» **Task description**
Leaving out the pictures, restate each record below word for word.

(Recorded data)
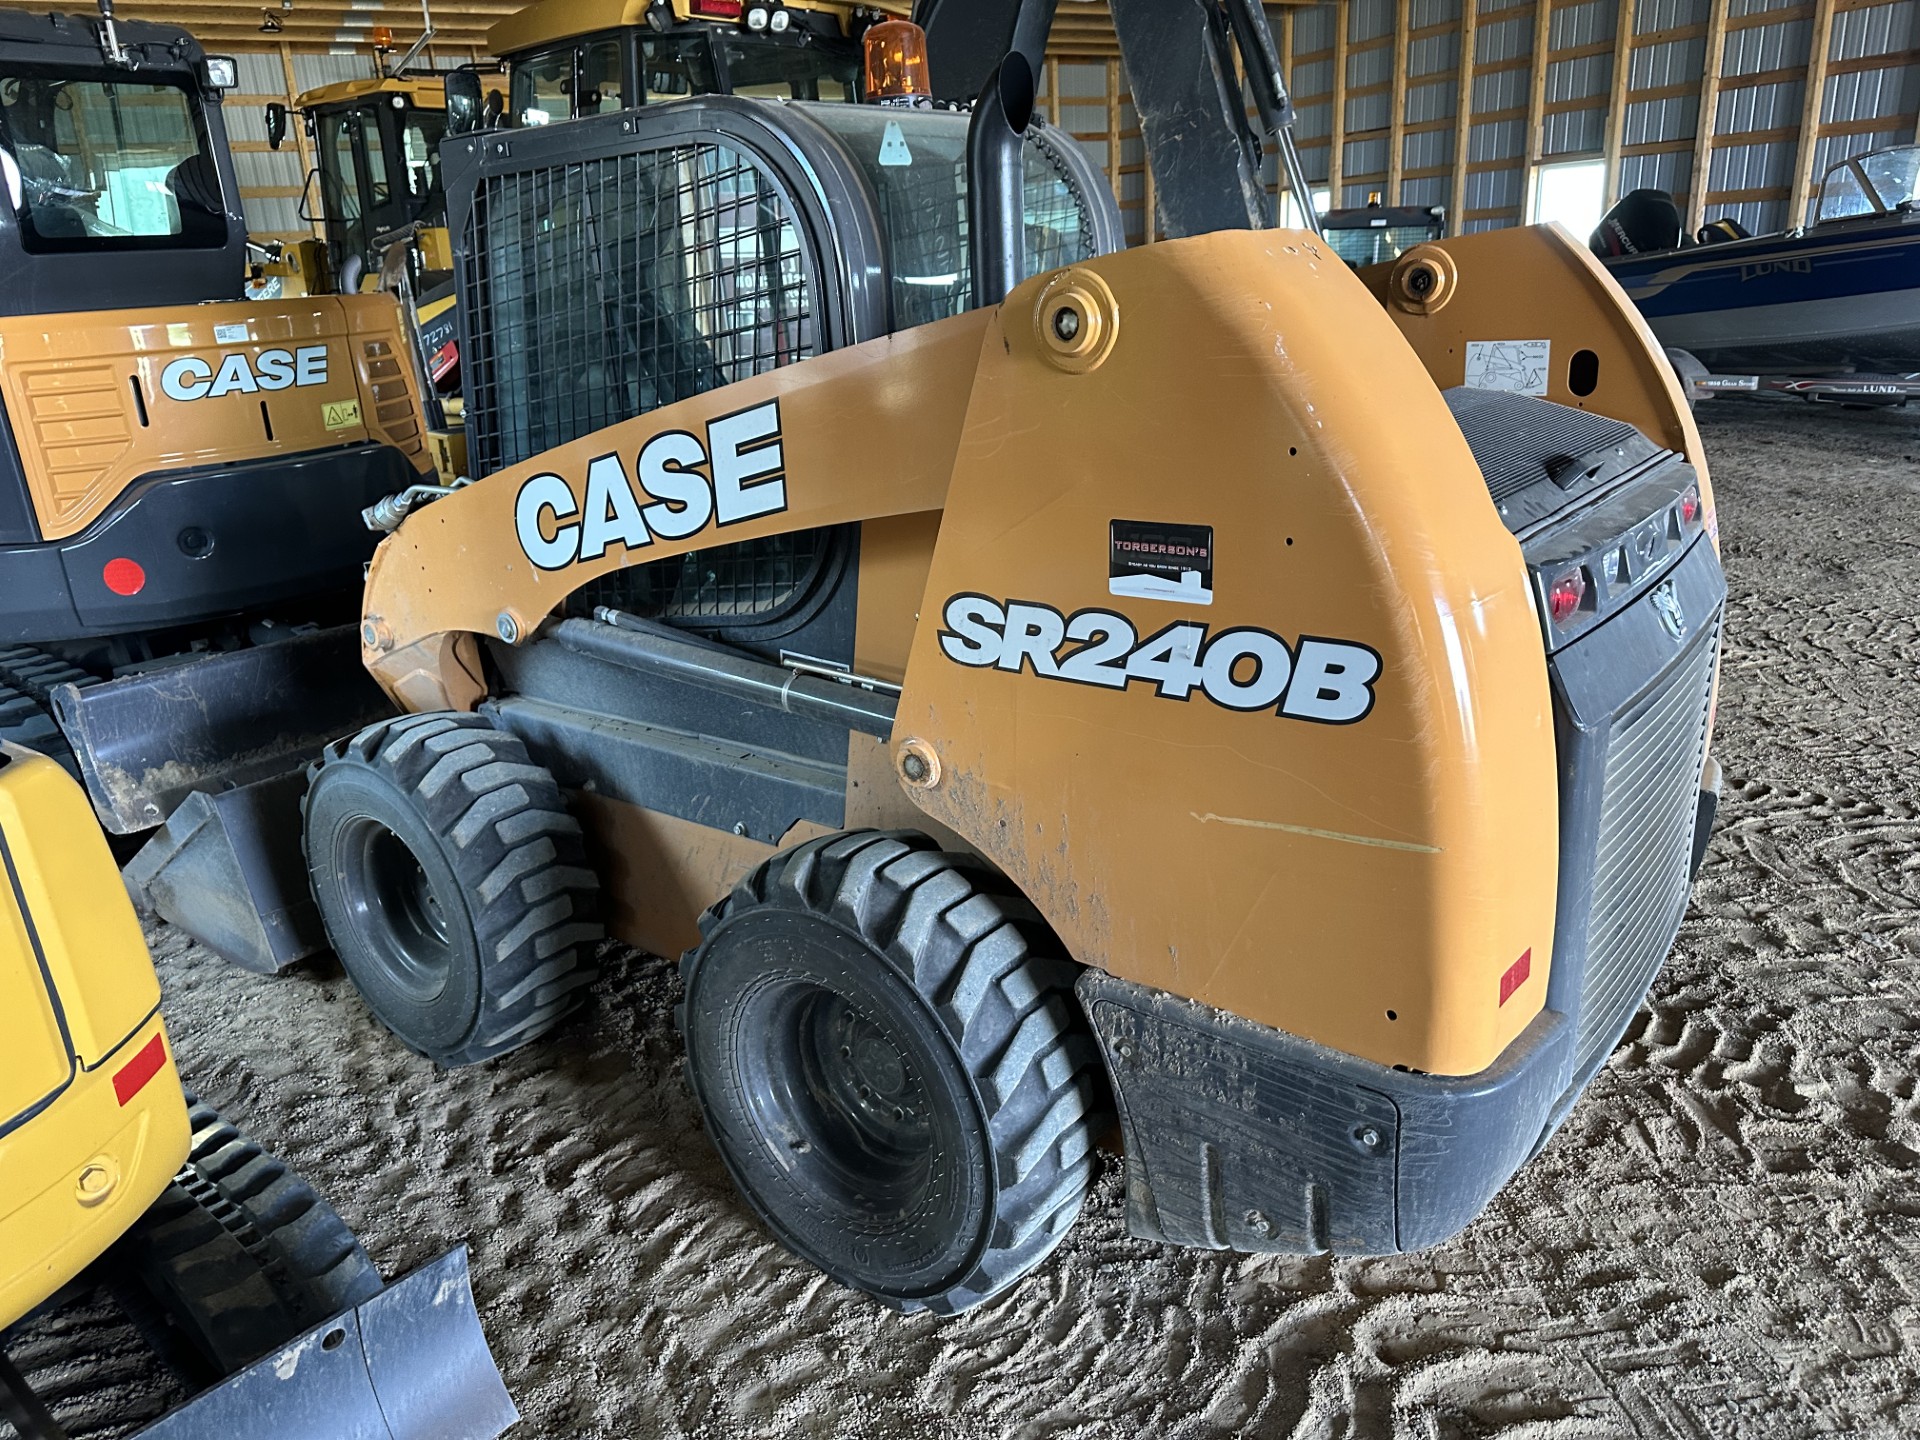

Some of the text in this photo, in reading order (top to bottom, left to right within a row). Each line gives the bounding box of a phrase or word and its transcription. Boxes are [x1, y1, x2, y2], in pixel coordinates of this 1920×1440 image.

[1607, 218, 1639, 255] MERCUR
[1741, 257, 1812, 281] LUND
[160, 344, 328, 402] CASE
[1863, 384, 1897, 393] LUND
[514, 396, 788, 571] CASE
[1114, 540, 1208, 558] TORGERSON'S
[937, 591, 1383, 725] SR240B

» **Answer box**
Some of the text in this photo, in reading order (top to bottom, left to right within a row). Each line gives the bounding box of a phrase or word and its transcription. Boxes are [x1, y1, x2, y2], in pixel coordinates of this 1920×1440 image.

[1607, 218, 1639, 255] MERCUR
[1741, 257, 1812, 281] LUND
[160, 344, 328, 402] CASE
[1863, 384, 1897, 393] LUND
[514, 396, 788, 571] CASE
[1114, 540, 1208, 558] TORGERSON'S
[937, 591, 1383, 725] SR240B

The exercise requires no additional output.